The incompleteness of logic is that it is concerned with explicit things out of the context of their englobing container, ... and it is impossible to cultivate harmony of the whole without equilibrating the rhythms within a system to the rhythms without (in the englobing space-time which contains the explicit thing). Computer logic can do wonderful things but as it does its computation, it can never be conscious of the space-time dynamics in its containing environment, ... it cannot stand on its own shoulders and see and account for itself and its environmental co-dynamics as it 'computes', a necessary capability for cultivating whole-and-part harmony. Such self-referential perception is a capability which transcends rationality but which comes naturally to all manner of natural systems, ... the sun, as it does 'its thing', in effect 'knows' it is at the center of the system of planets and behaves accordingly, ... we know, by means of 'geometrical-physical theorizing' ('by bringing a multitude of real and imaginary experiences into connection in our mind' ... 'Einstein') how we are relating to, and influencing the dynamics of our containing environment even as we do our own thing, ... we have the self-referential (co-evolutional) ability to dance to the music which emanates from our dancing, ... this is what community harmony is all about, particularly where we have communities within communities as in the open systems sense of a reefal ecology.
In physics, evolution, systems science, mathematics, philosophy, ethics and law, ... this self-referential Heraclitean view persists, ... of implicit purpose or function being the mother of explicit structure which continually falls apart and comes together in a continuing evolutionary dynamic or 'flow'.

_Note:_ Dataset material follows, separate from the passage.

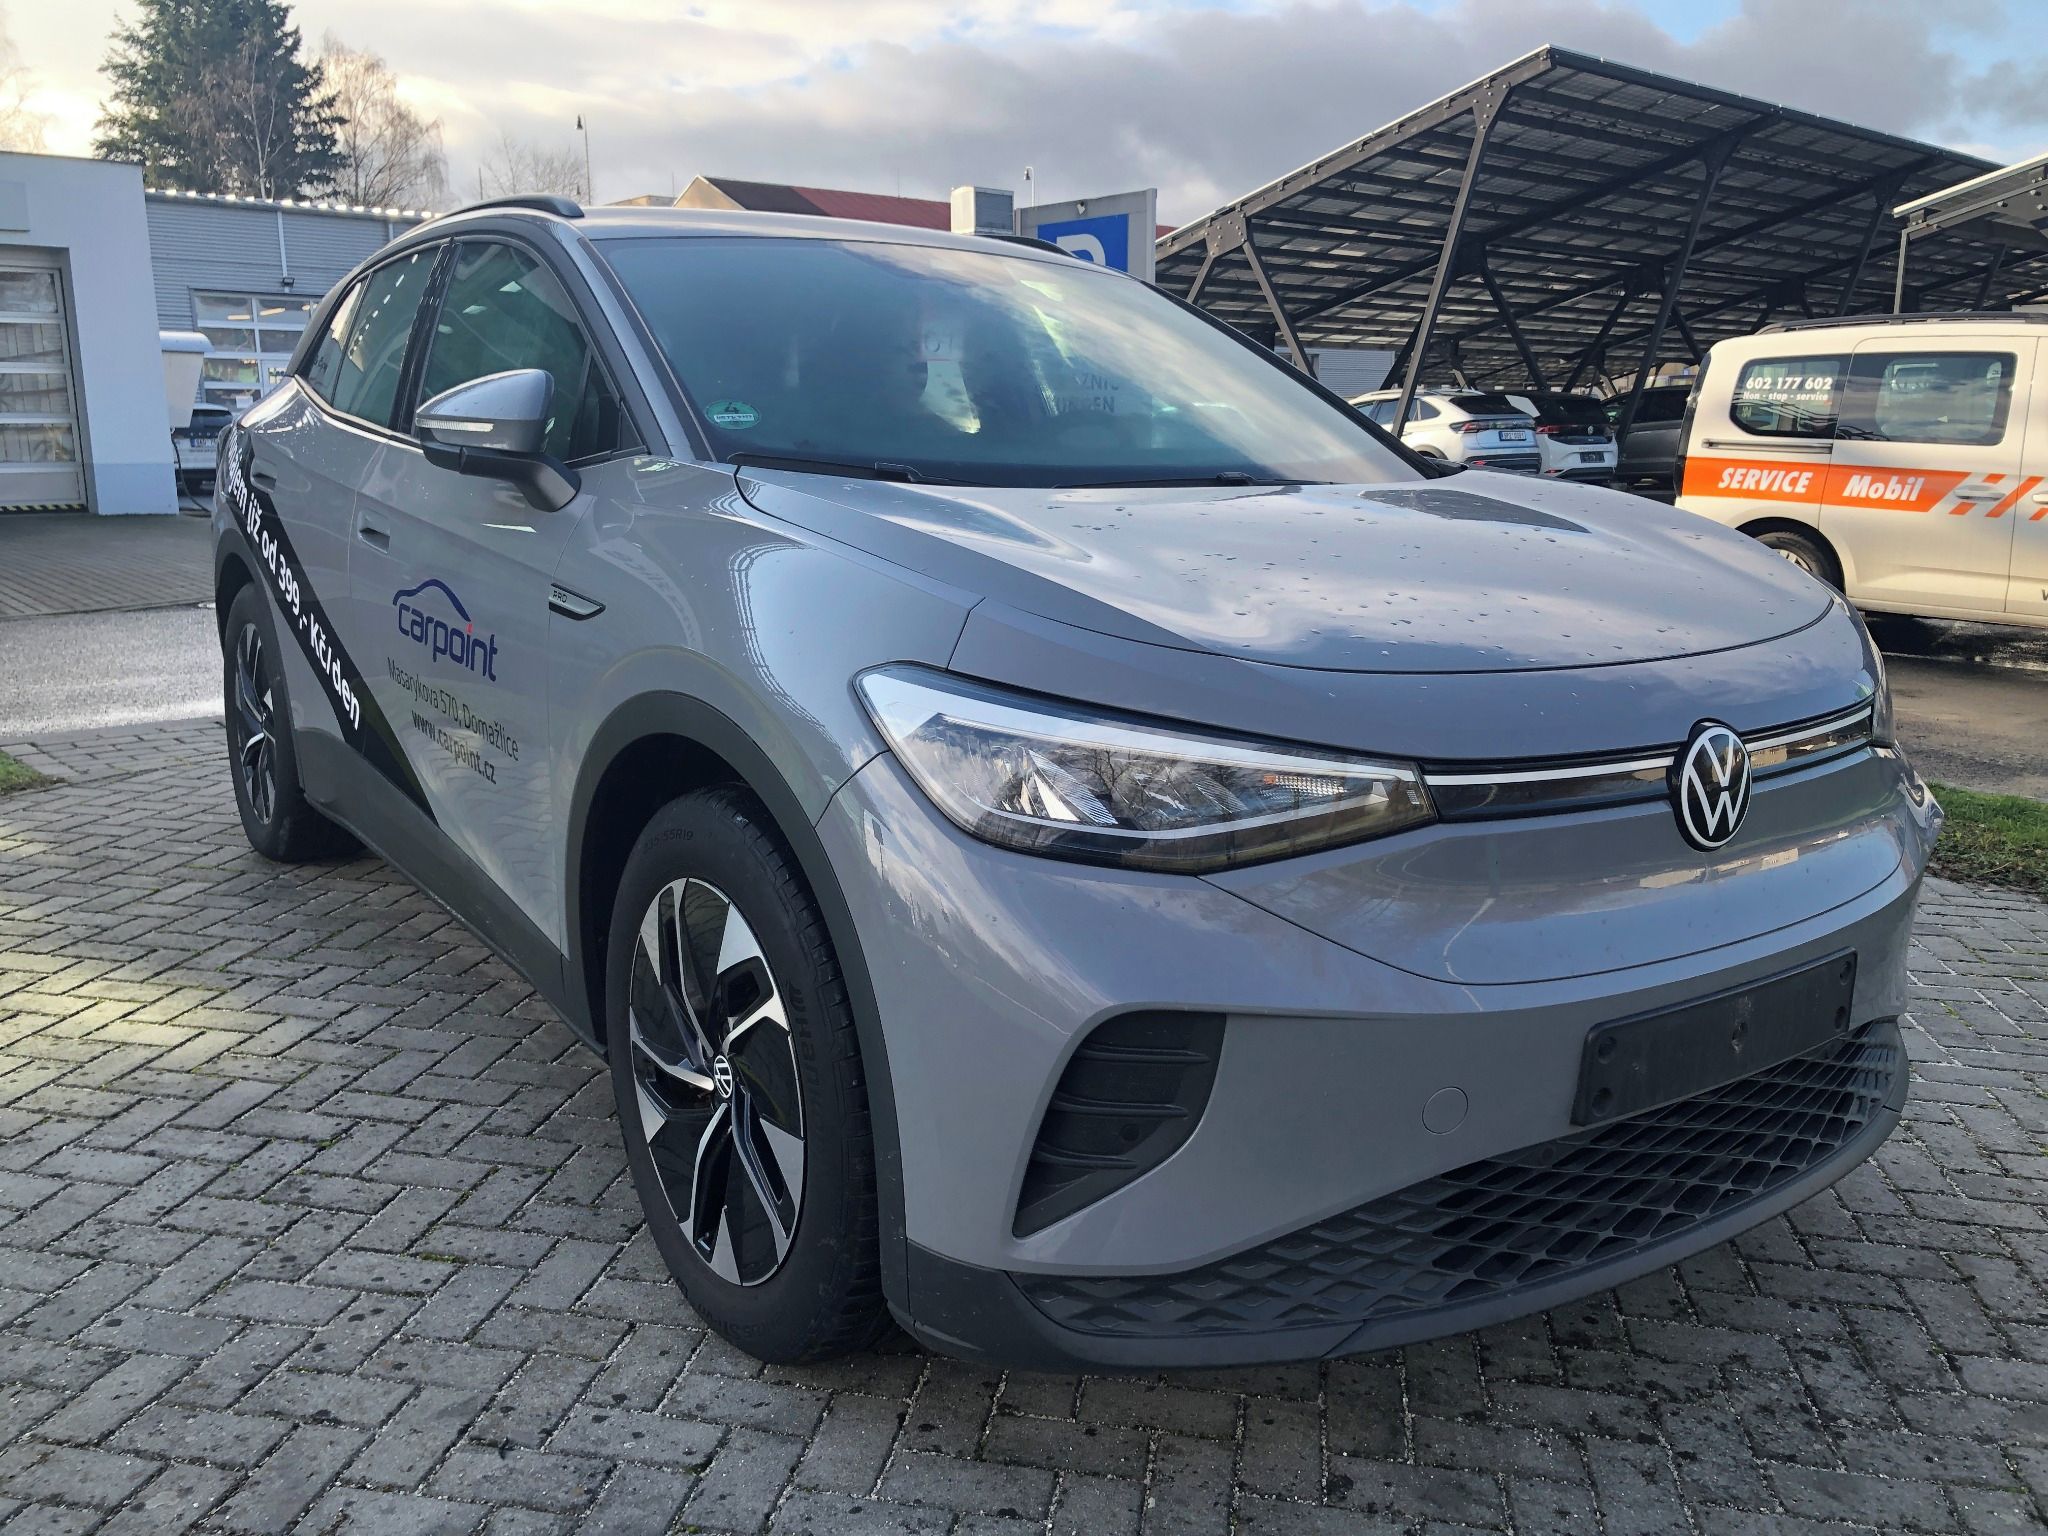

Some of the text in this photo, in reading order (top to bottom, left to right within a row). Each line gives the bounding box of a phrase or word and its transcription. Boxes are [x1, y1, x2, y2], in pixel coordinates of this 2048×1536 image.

The warrior for harmonic community must therefore look to the continually-evolving dynamic of the relational implicit for primary guidance rather than restrict his view to the literality of logical rules and propositions 'in their own right', and he must refuse to accept and conform to rules which are dissonant with respect to their own implicit intent. He must overtly expose and proclaim the insanity of putting the explicit child of our implicit intent into a primacy over its own englobing parent, ... putting the transient 'part' into a primacy over the continuing and containing 'whole' which includes the transient 'part'.

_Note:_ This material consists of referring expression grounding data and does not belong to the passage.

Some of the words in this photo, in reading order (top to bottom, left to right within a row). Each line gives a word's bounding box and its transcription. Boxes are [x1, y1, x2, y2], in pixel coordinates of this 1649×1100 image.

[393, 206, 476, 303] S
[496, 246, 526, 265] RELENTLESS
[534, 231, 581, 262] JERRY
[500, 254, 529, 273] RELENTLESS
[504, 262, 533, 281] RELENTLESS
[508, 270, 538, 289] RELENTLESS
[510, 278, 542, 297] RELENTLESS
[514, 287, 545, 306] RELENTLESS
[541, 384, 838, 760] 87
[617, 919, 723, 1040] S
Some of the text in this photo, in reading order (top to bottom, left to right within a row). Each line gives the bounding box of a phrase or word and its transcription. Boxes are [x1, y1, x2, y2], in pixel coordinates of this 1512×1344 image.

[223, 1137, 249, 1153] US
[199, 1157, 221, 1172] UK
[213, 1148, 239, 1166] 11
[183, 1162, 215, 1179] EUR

The view of the warrior must be based on 'inclusionary' reasoning, and the importance of being 'inclusionary' in going to battle has become very apparent to me. To fight for the return of honesty and inclusionary harmony in our society does not translate into the elimination of those who are 'wrong', but stimulates us to aggressively intervene where damage is being done because of a blind, unconscious reliance on rules and laws; i.e. the warrior must focus on behaviors rather than 'things'. In the domain of explicit perspectives we are all 'wrong' since our views are born of our particular and personal experience, and this is what ethnicity and culture is, ... a way of 'being wrong' [in a relativistic world, 'right and wrong' are subjective attributes and thus all perspectives are both 'right' and 'wrong'. Since we tend to think in terms of only one way to be 'right' but many ways to be 'wrong', it seems reasonable to label all culture-laden perspectives and rule systems as being 'wrong']. What we need is a society which respects authentic and honest 'wrong' views,... a society where warriors fight not for the imperialism of 'the right way', ... not as colonial missionaries of 'absolute good', but as champions of harmonic purpose wherein notions of 'right' and 'wrong' are recognized as being innately incomplete and 'culture-laden'.
We as warriors must resist the colonization of the human community by those who would forcefully prescribe 'the right way'. As Giordano Bruno said, ... 'the majority has no monopoly on the truth', ... and democracy which is operationalized as 'the tyranny of the majority' leads on to painful dissonance. Democracy must cultivate the harmony of the past and future of the world and all its species, ... it must be the democracy of implicit, evolutionary purpose and we must not allow laws to be put into a primacy over their own implicit, purposive intent, as is so often happening today. This is the message of Cilliers and Taiaiake and a growing number of harmonic warriors.
For me, the tam-tamming of warriorship is growing stronger by the day and what I envisage in my warriorship is congruent with that envisioned and practiced by Ed McGaa, an Oglala Sioux and Vietnam veteran who, after many combat missions in the war, transformed from physical warrior mode to what he calls 'mystic warrior'. It is this type of warrior he describes, ... a 'warrior for harmonic community' in my terminology, ... that I aspire to, and where he speaks on behalf of the red man, his word geometry applies equally to all men suffering under the yoke of western rationalist imperialism.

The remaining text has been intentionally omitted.